- **What is required**
Set the data down exactly as it stands, and keep its pictures out.

------------------------

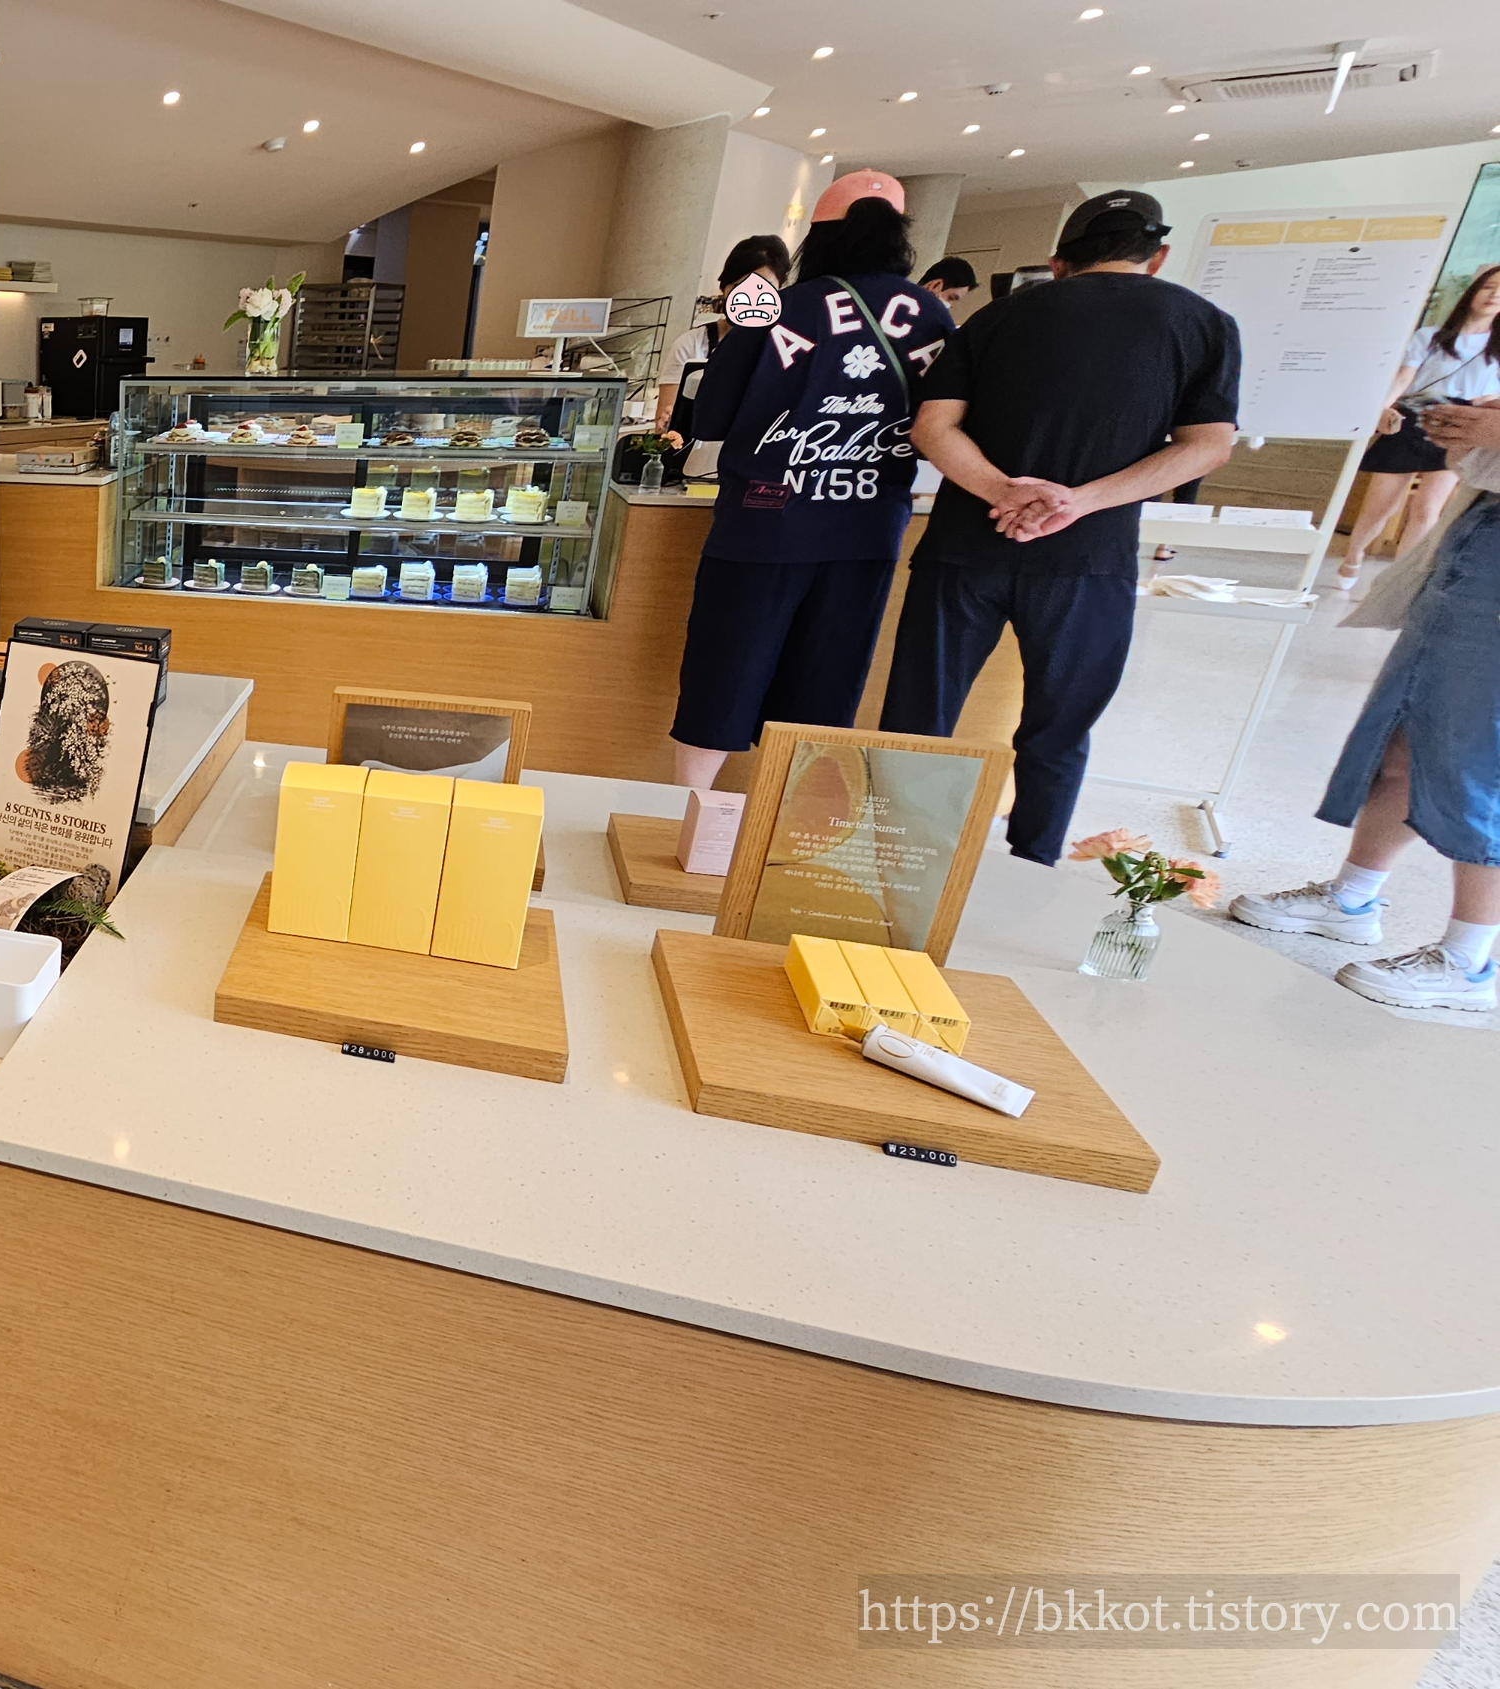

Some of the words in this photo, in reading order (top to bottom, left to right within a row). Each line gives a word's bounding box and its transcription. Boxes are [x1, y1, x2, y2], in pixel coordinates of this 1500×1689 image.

[818, 395, 850, 414] The
[754, 410, 807, 455] for
[5, 802, 11, 812] 8
[54, 813, 60, 823] 8
[62, 815, 106, 834] STORIES
[18, 818, 33, 829] 삶의
[34, 821, 49, 833] 작은
[50, 825, 73, 839] 변화를
[74, 831, 113, 849] 응원합니다
[828, 816, 855, 828] Time
[856, 821, 871, 831] for
[871, 823, 906, 835] Sunset

------------------------

- **Solution to the exercise**
Some of the words in this photo, in reading order (top to bottom, left to right within a row). Each line gives a word's bounding box and its transcription. Boxes are [x1, y1, x2, y2], in pixel coordinates of this 1500×1689 image.

[818, 395, 850, 414] The
[754, 410, 807, 455] for
[5, 802, 11, 812] 8
[54, 813, 60, 823] 8
[62, 815, 106, 834] STORIES
[18, 818, 33, 829] 삶의
[34, 821, 49, 833] 작은
[50, 825, 73, 839] 변화를
[74, 831, 113, 849] 응원합니다
[828, 816, 855, 828] Time
[856, 821, 871, 831] for
[871, 823, 906, 835] Sunset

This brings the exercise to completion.